21.08.2018 | Stand 16.09.2023, 6:07 Uhr

Auf dem liebevoll und naturnah gestalteten Spielplatz rund um das „magische Schloss“ in Prüfening gibt es viel zu entdecken: Valentin und Greta haben sichtlich Spaß. Foto: Lex

Lena läuft durch das Bambuslabyrinth. „Schau, hier geht’s lang“, ruft sie. Plötzlich ist sie weg – verschluckt vom grünen Dickicht. Sekundenlang hört man an diesem Sommertag nur die Bienen summen und die Vögel zwitschern. Dann – plötzlich: „Hier bin ich!“ Lena springt aus einem Unterschlupf im Gesträuch hervor. Sie lacht über das ganze Gesicht. Dass man sich hier überall verstecken kann, findet die Sechsjährige toll. Und nicht nur das. Auch der Hingucker des Spielplatzes „An den Klostergründen“ in Prüfening ist in den Augen des Mädchens prima: eine riesige Holzkonstruktion, eine Mischung aus Baumhaus und Burg, die den Spielplatz überragt.

Kinder ab sechs Jahren im Fokus

Wie aufwendig diese Beteiligungsverfahren sein können, in die in der Regel Kinder aus nahegelegenen Horten oder Grundschulen einbezogen werden, zeigt das Prüfeninger Beispiel. „Hier haben wir das Spielplatzkonzept mit Kindern aus einem Hort entwickelt“, erzählt Anna Schledorn vom Amt für kommunale Jugendarbeit. Das keine Kinder aus Kindergärten einbezogen werden, hat übrigens einen Grund: „Die Spielplätze in Regensburg sind schwerpunktmäßig für Kinder ab sechs Jahren konzipiert“, erklärt Schledorn. Denn in Bayern schreibe die Bauordnung vor, dass bei Wohngebäuden mit mehr als drei Wohnungen ein Kinderspielplatz auf dem Grundstück oder in unmittelbarer Nähe errichtet werden muss. „Diese kleinen Spielplätze im Nahbereich sind sehr wichtig, gerade auch für die kleineren Kinder“, sagt Schledorn. „Wir wollen die privaten Anbieter hier nicht aus der Pflicht nehmen.“ Nichtsdestotrotz gibt es auf allen öffentlichen Spielplätzen in Regensburg natürlich auch Sandkästen oder Wipptiere für jüngere Spielplatzbesucher.

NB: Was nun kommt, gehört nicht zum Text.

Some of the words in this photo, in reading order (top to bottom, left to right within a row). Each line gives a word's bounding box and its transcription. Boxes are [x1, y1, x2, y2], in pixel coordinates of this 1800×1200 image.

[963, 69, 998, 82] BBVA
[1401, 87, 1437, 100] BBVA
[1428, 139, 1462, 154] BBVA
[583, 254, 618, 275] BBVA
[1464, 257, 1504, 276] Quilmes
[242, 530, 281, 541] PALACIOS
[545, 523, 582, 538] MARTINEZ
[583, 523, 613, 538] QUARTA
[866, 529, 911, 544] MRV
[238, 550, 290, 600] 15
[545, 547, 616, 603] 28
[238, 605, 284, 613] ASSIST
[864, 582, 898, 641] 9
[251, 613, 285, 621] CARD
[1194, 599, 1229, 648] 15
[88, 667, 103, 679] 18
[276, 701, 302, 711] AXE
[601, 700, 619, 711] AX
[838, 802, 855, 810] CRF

Schauen Sie sich auf dem Spielplatz „An den Klostergründen“ um: Klicken Sie einfach in das 360-Grad-Bild, um zu starten, und nutzen Sie dann ihre Maus (oder ihren Finger, wenn Sie ein mobiles Endgerät nutzen), um sich im Bild zu bewegen.

Spielplatz An den Klostergründen - Spherical Image - RICOH THETA

Planungen fingen bei Null an

Bei den Planungen für den Spielplatz „An den Klostergründen“ fing man mit den Hortkindern bei Null an. Zunächst gestalteten sie Plakate, auf denen sie Sätze vervollständigen konnten, wie etwa „Im Sommer spiele ich am liebsten..“ oder „Mit Freunden spiele ich gerne...“. „Außerdem haben wir die Kinder gefragt, was ihre Wünsche wären, wenn sie einen Spielplatz planen dürften“, erzählt Schledorn. Alle Antworten und Ideen wurden danach systematisiert. „Die Kinder haben unglaublich kreative Ideen“, sagt Schledorn. „In diesem Fall hätten die Einfälle für zehn Spielplätze gereicht.“

Bei der Systematisierung wurde bereits deutlich, welche Wünsche und Bedürfnisse bei den Kindern gehäuft auftraten. Außerdem wurde geschaut, was sich Mädchen und was sich Buben wünschen. Denn da gibt es – aller Gender-Diskussionen zum Trotz – Unterschiede, wie Anna Schledorn aus den Beteiligungsverfahren in Regensburg weiß. „Mädchen wünschen sich ganz oft einen Rückzugsort, irgendwas, wo man rumfläzen und andere beobachten kann. Das kann zum Beispiel ein Hochsitz sein, auf dem man einen guten Überblick über das Spielplatzgelände hat.“ Und Jungs? „Die wünschen sich immer häufiger Bewegungs- und Parcourselemente, auf denen man seine Muskeln und die Geschicklichkeit trainieren kann.“ Beide Gruppen sollen sich am Ende auf dem verwirklichten Spielplatz wiederfinden. Deshalb achten die Mitarbeiter des Amts für kommunale Jugendarbeit darauf, dass weder Mädchen noch Buben zu kurz kommen.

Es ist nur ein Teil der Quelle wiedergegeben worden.